**TASK TO COMPLETE**. Repeat the data exactly, please; no pictures belong in the copy.

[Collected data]

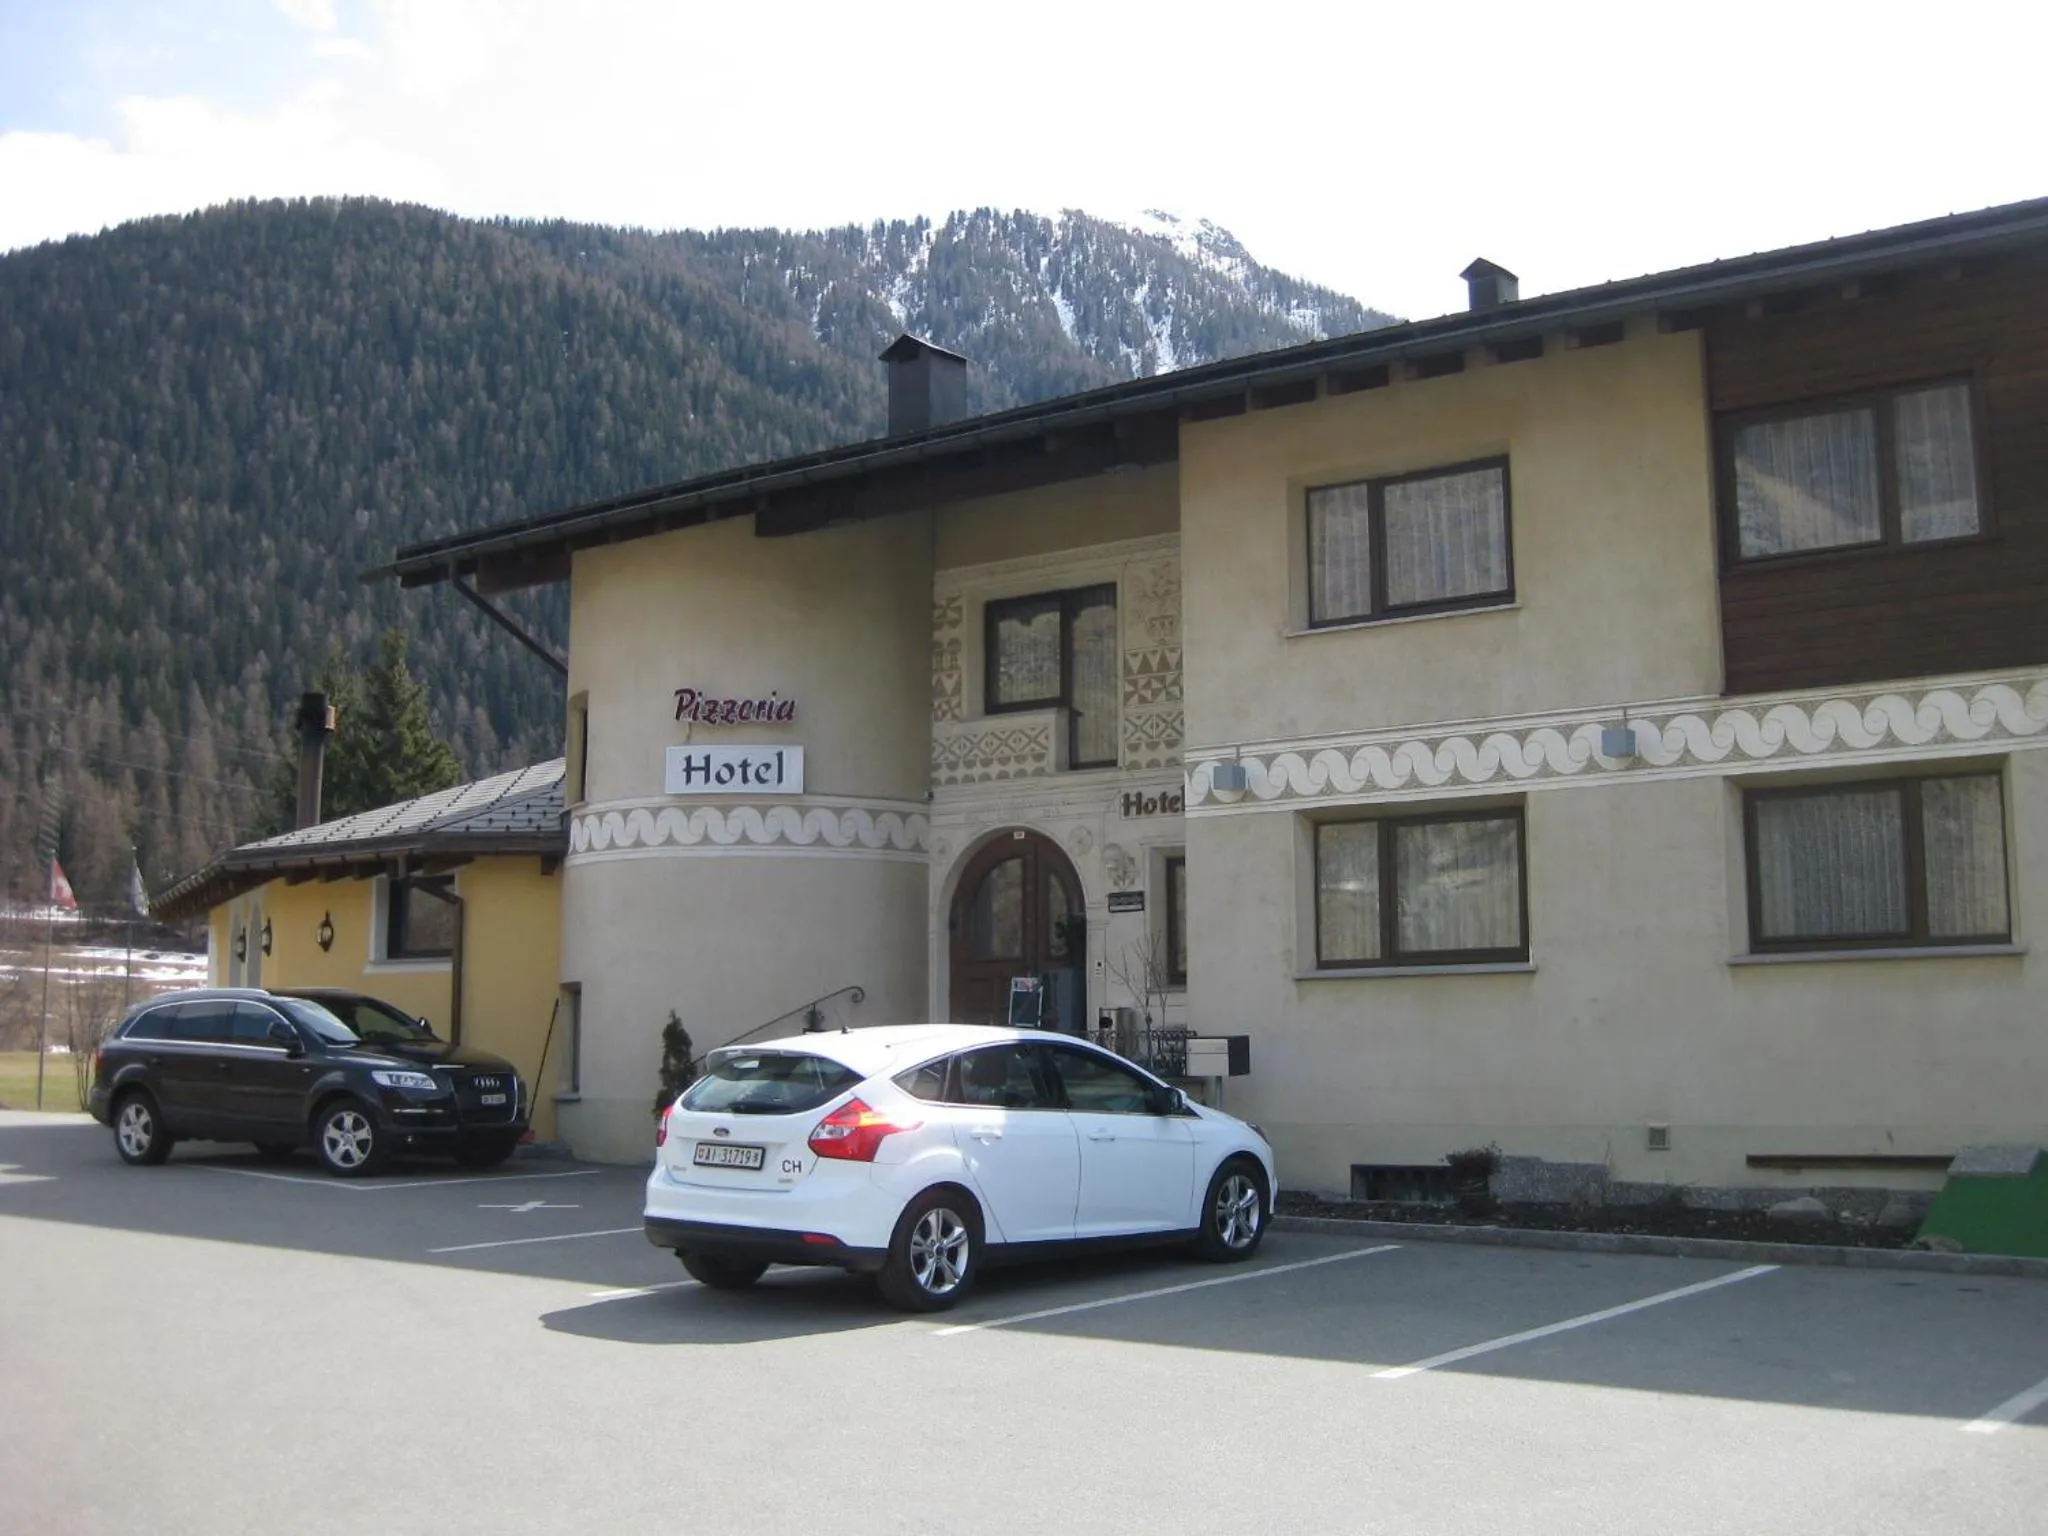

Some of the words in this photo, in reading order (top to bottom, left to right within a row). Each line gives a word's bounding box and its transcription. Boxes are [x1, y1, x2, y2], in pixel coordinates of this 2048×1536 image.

[674, 688, 796, 724] Pizzeria
[683, 751, 784, 785] Hotel
[1122, 784, 1185, 816] Hotel
[782, 1160, 802, 1173] CH
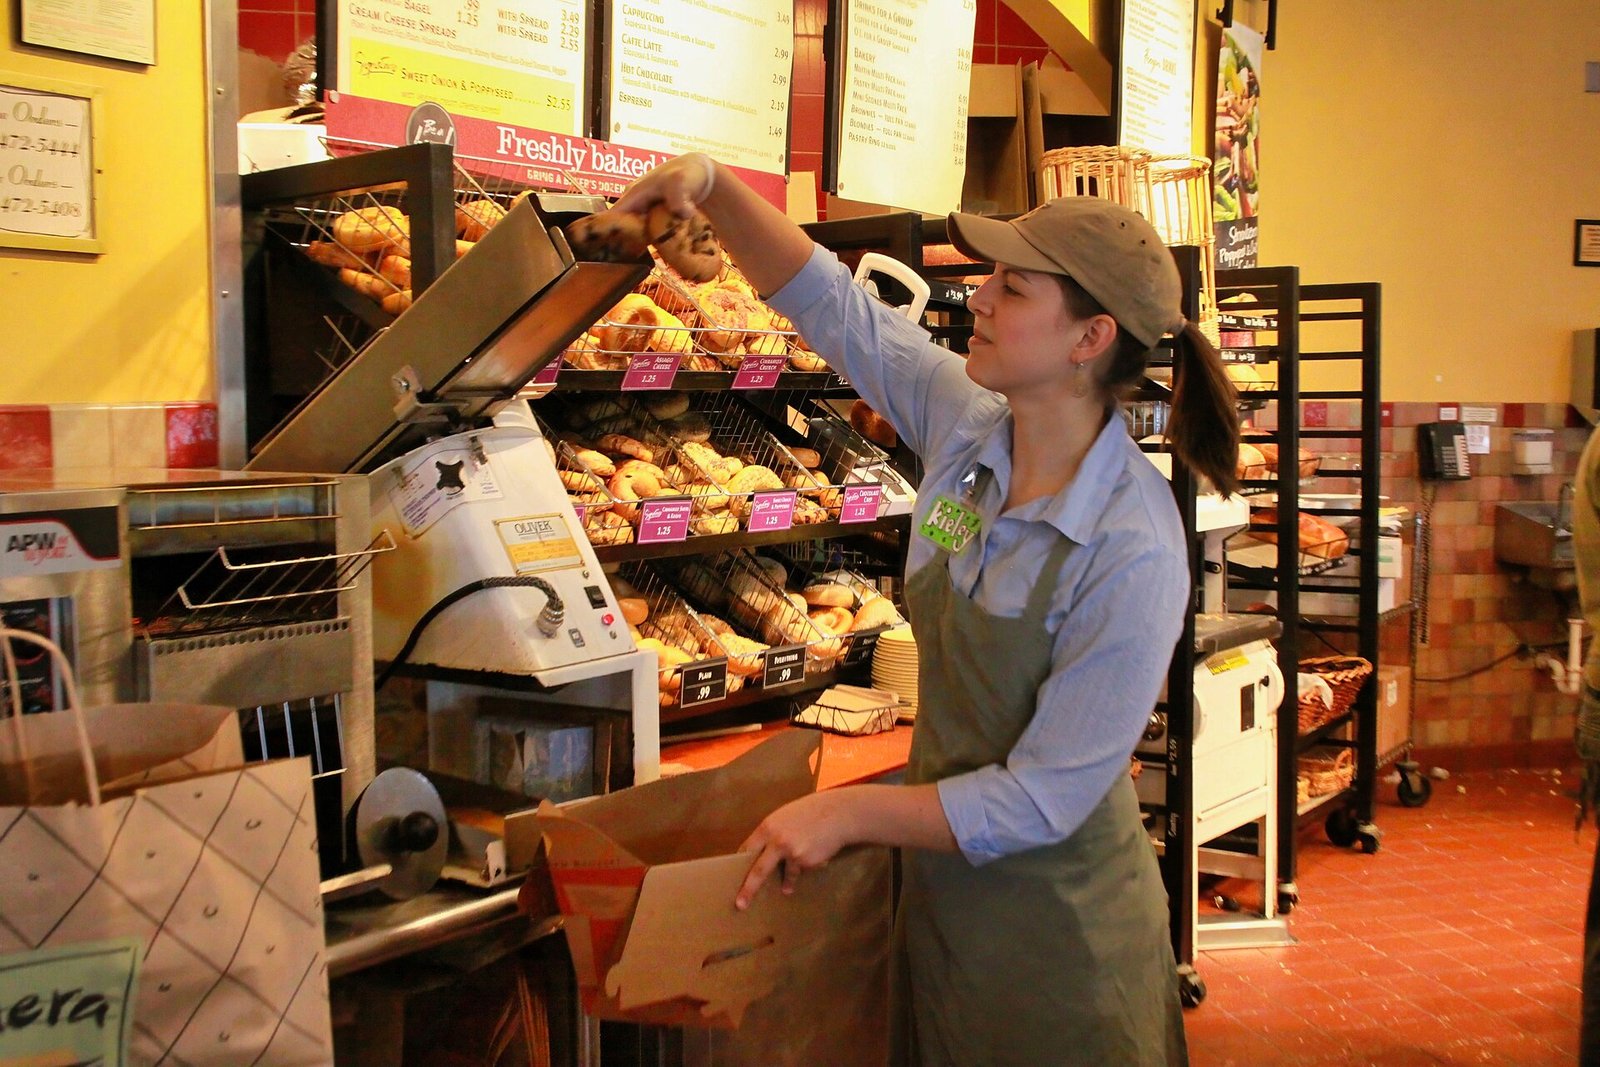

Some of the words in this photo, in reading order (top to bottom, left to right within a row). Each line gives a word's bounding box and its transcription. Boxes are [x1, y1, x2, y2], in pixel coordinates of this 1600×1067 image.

**REPLY TO THE EXERCISE**.
Some of the words in this photo, in reading order (top to bottom, left to right within a row). Each line gives a word's bounding box and its transcription. Boxes are [x1, y1, x2, y2], in pixel coordinates of this 2048×1536 image.

[674, 688, 796, 724] Pizzeria
[683, 751, 784, 785] Hotel
[1122, 784, 1185, 816] Hotel
[782, 1160, 802, 1173] CH

Some of the words in this photo, in reading order (top to bottom, left to right within a row). Each line gives a word's bounding box and its transcription. Boxes are [x1, y1, x2, y2], in pixel coordinates of this 1600×1067 image.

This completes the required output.